Perché l’ordine internazionale liberale è entrato in crisi
Perché dunque l’ordine internazionale liberale è entrato in crisi? C’è una possibile spiegazione “economica”: l’aumento della diseguaglianza e la stagnazione dei redditi della classe media hanno ingenerato desiderio di chiusura al mondo esterno, sfiducia nelle élite e un elevato grado di sospetto verso tutto quello che sa di internazionalismo.
Poi c’è una possibile spiegazione “politica”: la crisi nasce dall’erosione della fiducia pubblica nelle élite politiche e dell’informazione, dal declino dei partiti politici, e dalla perdita di idealismo rispetto alle virtù e ai valori della democrazia.

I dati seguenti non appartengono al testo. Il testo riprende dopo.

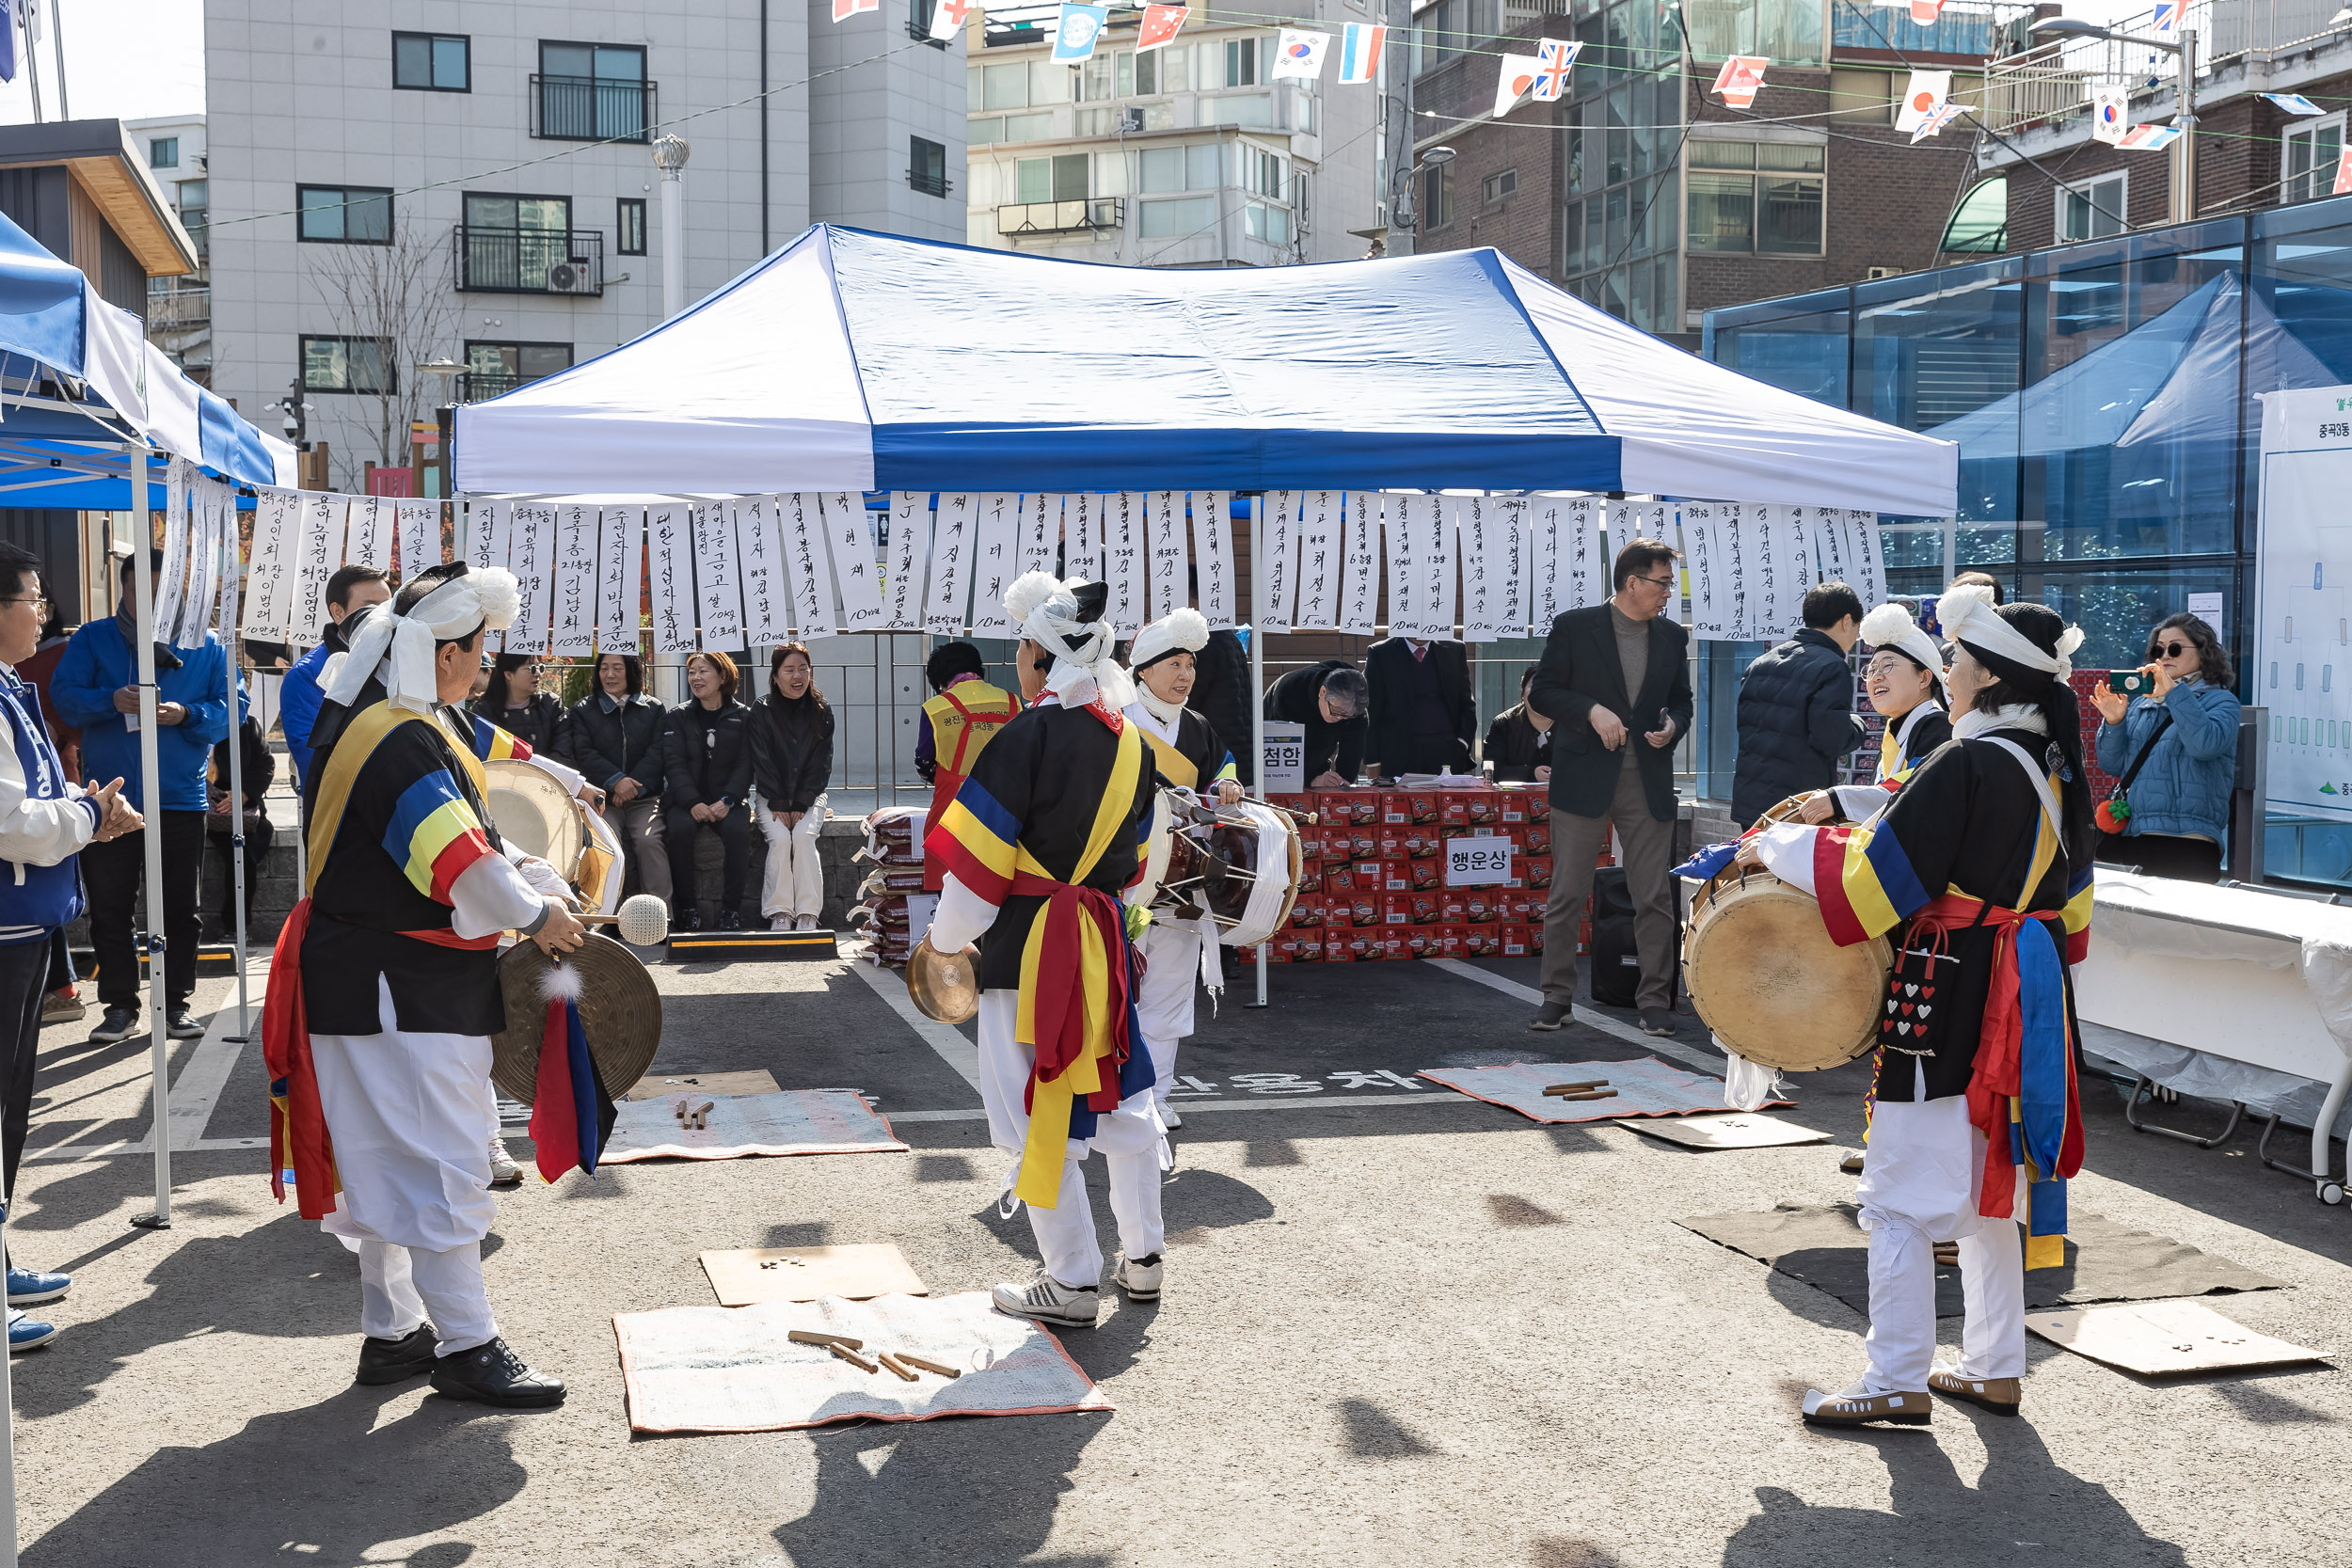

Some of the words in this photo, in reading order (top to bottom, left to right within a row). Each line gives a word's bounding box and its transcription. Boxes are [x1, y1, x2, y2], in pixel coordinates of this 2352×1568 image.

[2319, 422, 2350, 438] 중곡3동
[245, 626, 279, 637] 10만원
[509, 640, 546, 652] 10만원
[556, 633, 593, 647] 10만원
[1452, 850, 1507, 872] 행운상

Infine una spiegazione “internazionale”. Da una parte abbiamo assistito negli ultimi due decenni a una “transizione” del potere globale verso nuove potenze emergenti, un cambiamento radicale rispetto a un ordine internazionale liberale che era nato negli anni 40 del secolo scorso in seno all’Occidente. Dall’altra abbiamo di fronte problemi di interdipendenza estremamente complessi da risolvere (dalla proliferazione nucleare alle pandemie, passando per le migrazioni e la finanza). Fino a un certo momento storico l’ordine internazionale liberale è stato “associato al progresso del mondo occidentale”, poi da un certo punto in poi è stato visto invece da buona parte delle popolazioni “come una piattaforma riservata ai globetrotter del capitalismo”. E questo anche perché – ha concluso Ikenberry – “il neoliberismo” ha cavalcato e preso il sopravvento sull’ordine internazionale liberale, annacquandone il “carattere socialdemocratico” e interrompendo un ciclo di “politica progressista” che a fasi alterne durava da due secoli e non mancava di legare il progresso economico, civile e politico sul fronte domestico a paralleli passi in avanti nell’arena internazionale.